Also, when display is changed from W to B on a current picture and when display is changed from B to W on a next picture, a voltage to be applied to pixel electrodes 106-mn of the electrophoretic elements 100-mn when W is written to change the display from W to B is set to be Vbw=Vwb and a voltage is applied to the pixel electrodes 106-mn of the electrophoretic elements 100-mn when B is written is set to be Vwb and the number of minus frame groups to be used to write W is set to be Twb (−) and the number of plus frame groups to be used to write B is set to be Twb (+) and, further, a voltage to be applied to the pixel electrodes 106-mn of the electrophoretic elements 100-mn when B is written to change the display from B to W is set to be Vwb and a voltage to be applied to the pixel electrodes 106-mn of the electrophoretic elements 100-mn when W is written is set to be Vbw and the number of plus frame groups to be used to write B is set to be Tbw(+) and the number of minus frame groups to be used to write W is set to be Tbw(−). At this time point, the setting must satisfy the following equation:
Twb(+)+Tbw(+)=Tbw(−)+Twb(−)  (8)

Also, when display is changed from W to G on a current picture and when display is changed from G to W on a next picture, a voltage to be applied to pixel electrodes 106-mn of the electrophoretic elements 100-mn when W is written to change the display from W to G is set to be Vgw and a voltage to be applied to the pixel electrodes 106-mn of the electrophoretic elements 100-mn when B is written is set to be Vwg=−Vgw and the number of minus frame groups to be used to write W is set to be Twg (−) and the number of plus frame groups to be used to write B is set to be Twg (+) and, further, a voltage to be applied to the pixel electrodes 106-mn of the electrophoretic elements 100-mn when B is written to change the display from B to W is set to be Vwg and a voltage to be applied to the pixel electrodes 106-mn of the electrophoretic elements 100-mn when W is written is set to be Vgw and the number of plus frame groups to be used to write B is set to be Tgw(+) and the number of minus frame groups to be used to write W is set to be Tgw(−). At this time point, the setting must satisfy the following equation:
Twg(+)+Tgw(+)=Tgw(−)+Twg(−)  (9)

Also, when display is changed from B to G on a current picture and when display is changed from G to B on a next picture, a voltage to be applied to pixel electrodes 106-mn of the electrophoretic elements 100-mn when B is written to change the display from B to G is set to be Vgw and a voltage to be applied to the pixel electrodes 106-mn of the electrophoretic elements 100-mn when B is written is set to be Vbg=−Vgb and the number of minus frame groups to be used to write W is set to be Tbg (−) and the number of plus frame groups to be used to write G is set to be Tbg (+) and, further, a voltage to be applied to the pixel electrodes 106-mn of the electrophoretic elements 100-mn when B is written to change the display from G to B is set to be Vbg and a voltage to be applied to the pixel electrodes 106-mn of the electrophoretic elements 100-mn when B is written is set to be Vgb and the number of plus frame groups to be used to write B is set to be Tgb(+) and the number of minus frame groups to be used to write W is set to be Tgb(−). At this time point, the setting must satisfy the following equation:
Tbg(+)+Tgb(+)=Tgb(−)+Tbg(−)  (10)

However, in the case when display is switched from W to G and from G to W, and from B to G and from G to B, though voltages are set so as to be Vgw(+)=−Vgw (+) and to be Vgb (−)=−Vbg (+), it is not necessary that an absolute value of the voltage of Vgw is equal to that of the voltage of Vgb and that an absolute value of the voltage of the Vgg+ is equal to that of the voltage of the Vgg−. The reason for that is that, in the change state shown in FIG. 17, the charged amount of the white particles and the black particles are not equal to each other and the mobility of the white particles and the black particles are not equal to each other and, therefore, as shown in the left portion of FIG. 17, if the voltages are made to be equal in both the white and black states, an afterimage is produced. This holds true for the case where display is switched from G to G.

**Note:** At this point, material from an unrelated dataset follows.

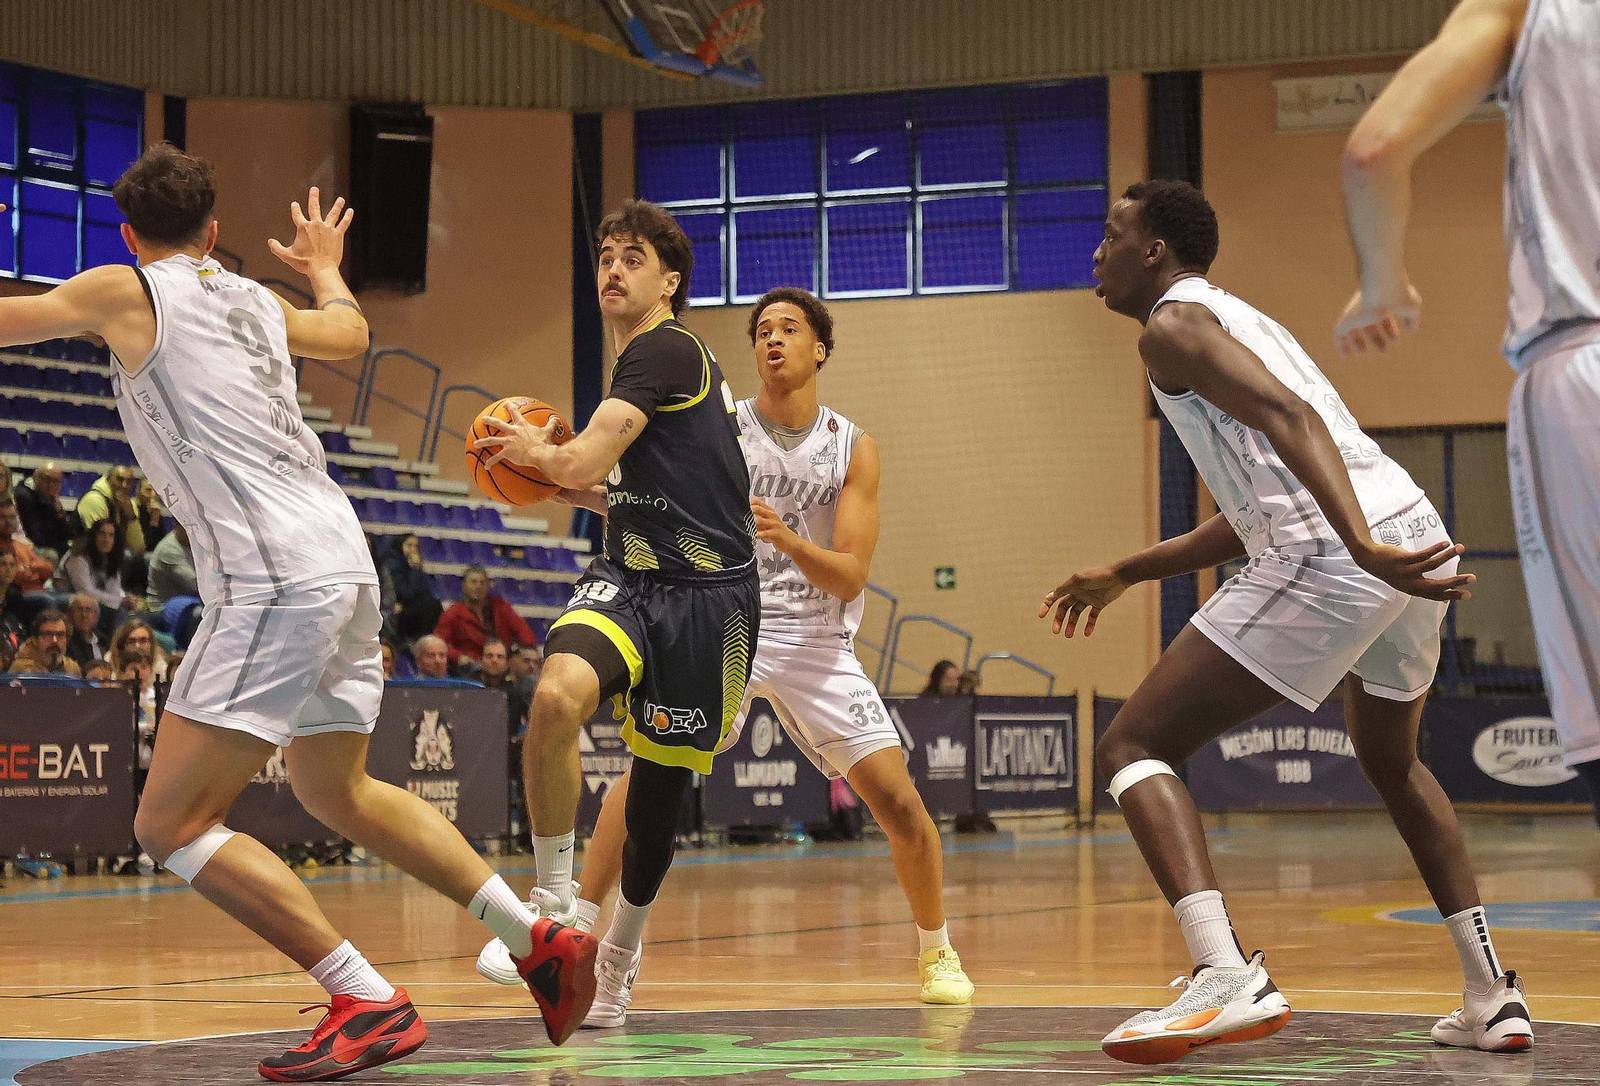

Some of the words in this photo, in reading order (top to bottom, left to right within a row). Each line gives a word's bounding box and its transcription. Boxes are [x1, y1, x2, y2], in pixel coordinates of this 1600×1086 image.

[227, 308, 282, 389] 9
[848, 688, 872, 699] vive
[848, 701, 885, 728] 33

Next, by referring to FIGS. 4, 6, 7, and FIGS. 14 to 18, operations of the electrophoretic display device of the fourth embodiment are described below. In the driving the microcapsule-type electrophoretic display device 10B of the fourth embodiment, the driving method of making the electrophoretic elements 100-mn switch display from W to B or from B to W is the same as those employed in the conventional display device except for the following points. That is, any picture that displays images is formed by providing a plurality of plus frame groups and a plurality of minus frame groups is displayed in specified time-series order. For example, as shown in FIG. 18, in every picture, one plus frame group, one minus frame group, and one plus frame group are arranged in this order.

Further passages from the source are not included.